Your book will move positions on the rankings terrifyingly quickly. Watch it drop 50,000 places in a few days, for example…
Repeated use of keywords work. I used chick lit 2017 in the tagline and description, and my book appears near the top of that search result.
You definitely need a tagline (or sub-heading) for your book.
You should make full use of the book description and include keywords in there.
Borrow other titles in the same genre or vein for your keywords. Use authors who write similar stuff too.
The 99p promotion works. You’ll just have to do it a lot.
People will read weird numbers of pages through the Kindle Unlimited and Kindle Owners’ Lending Libraries.
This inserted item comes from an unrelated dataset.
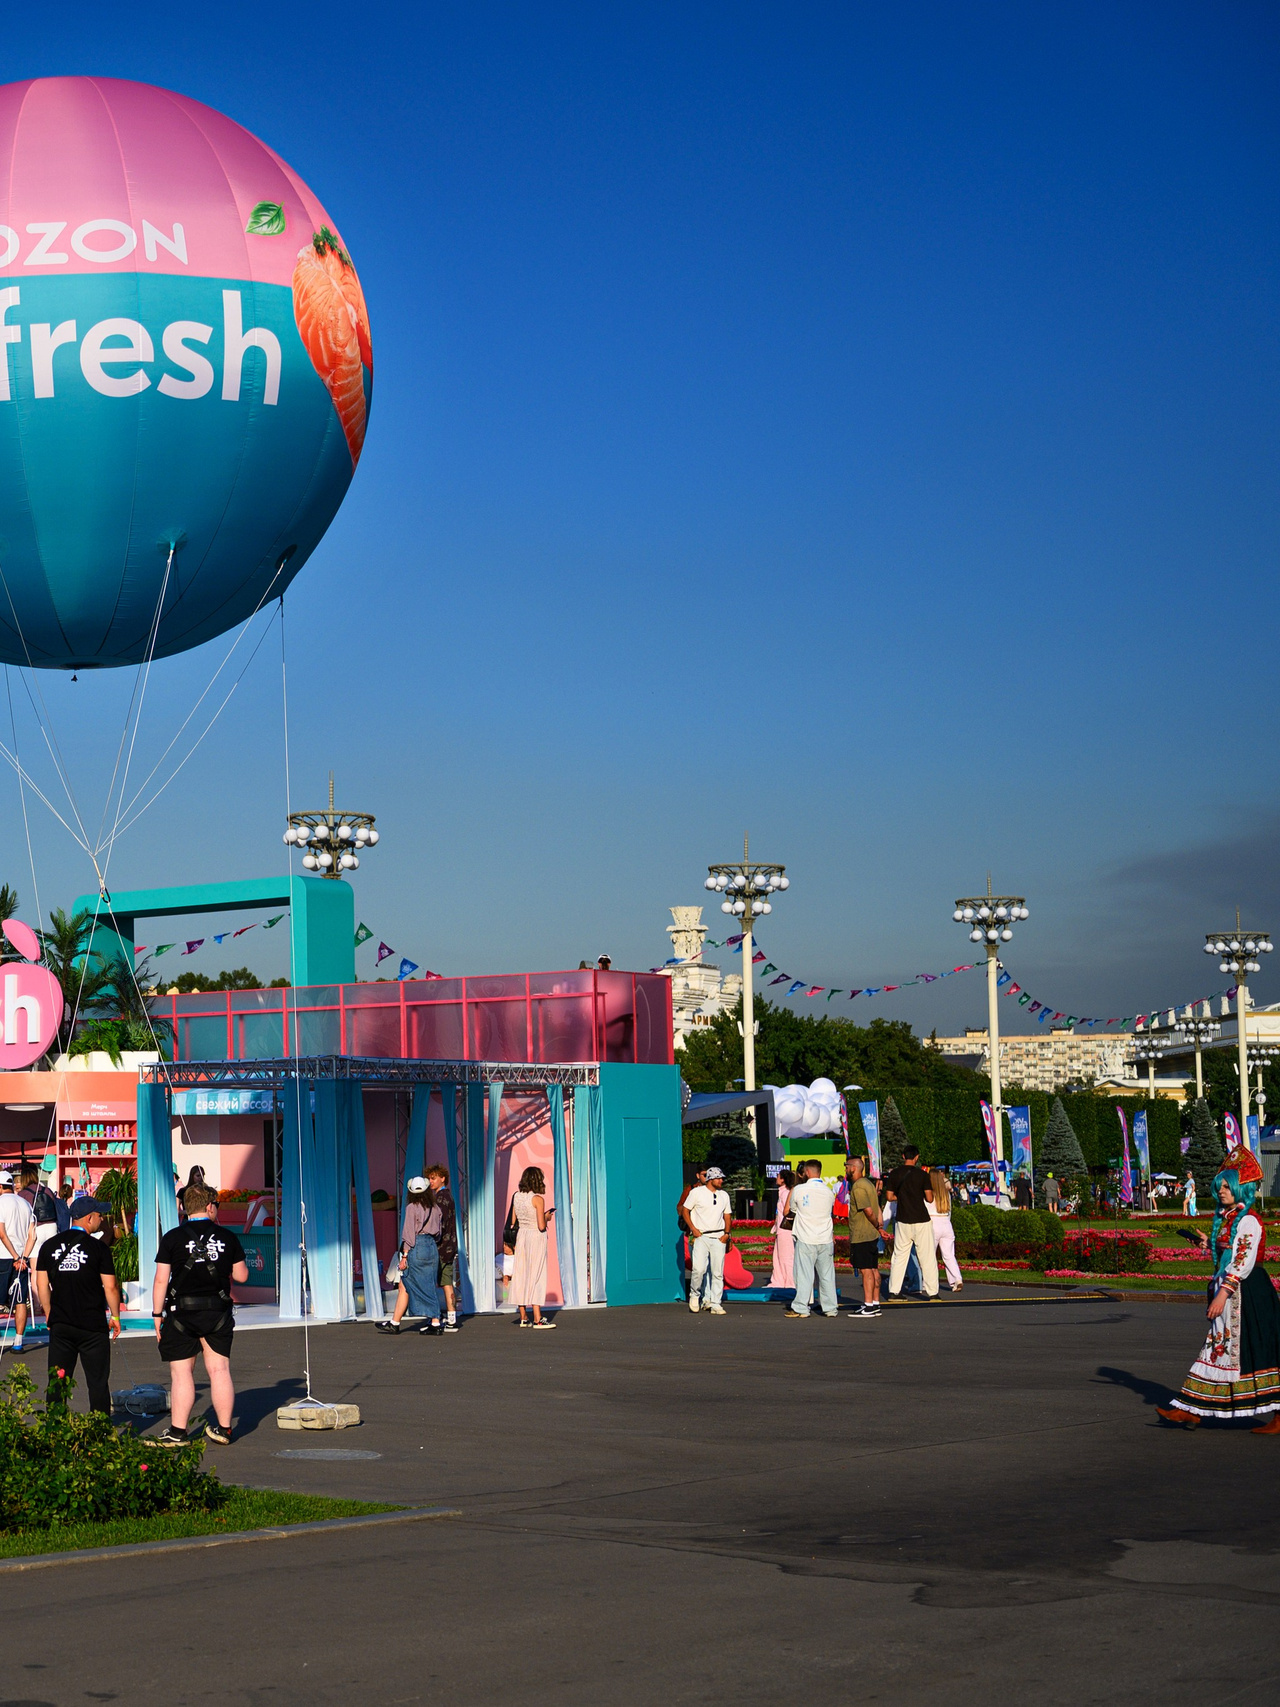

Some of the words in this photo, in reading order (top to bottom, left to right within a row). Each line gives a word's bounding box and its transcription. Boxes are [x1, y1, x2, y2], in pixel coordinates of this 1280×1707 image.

[196, 1097, 238, 1110] свежий
[242, 1100, 284, 1112] ассор
[185, 1240, 226, 1253] fst
Selling outside the US and the UK is HARD.
After the first week, you will be selling your book to strangers. Unless you have TONNES of friends, they are going to be your biggest market.
You will start to bore yourself going on and on about your book on Twitter et al. Self-promotion is very un-Scottish and it makes you want to shut yourself in a darkened room, hide under the bed and pull a blanket over your head.
The Girl Who Swapped is available on Amazon.
Thanks for the tips. I’m thinking of self publishing some short stories but am dreading the obsessive checking of sales and rankings. Hope you can find a distraction in the meanwhile and well done for completing a novel!
I made a vow to check once a week only, but gave in too quickly. I don’t know how you avoid it, really!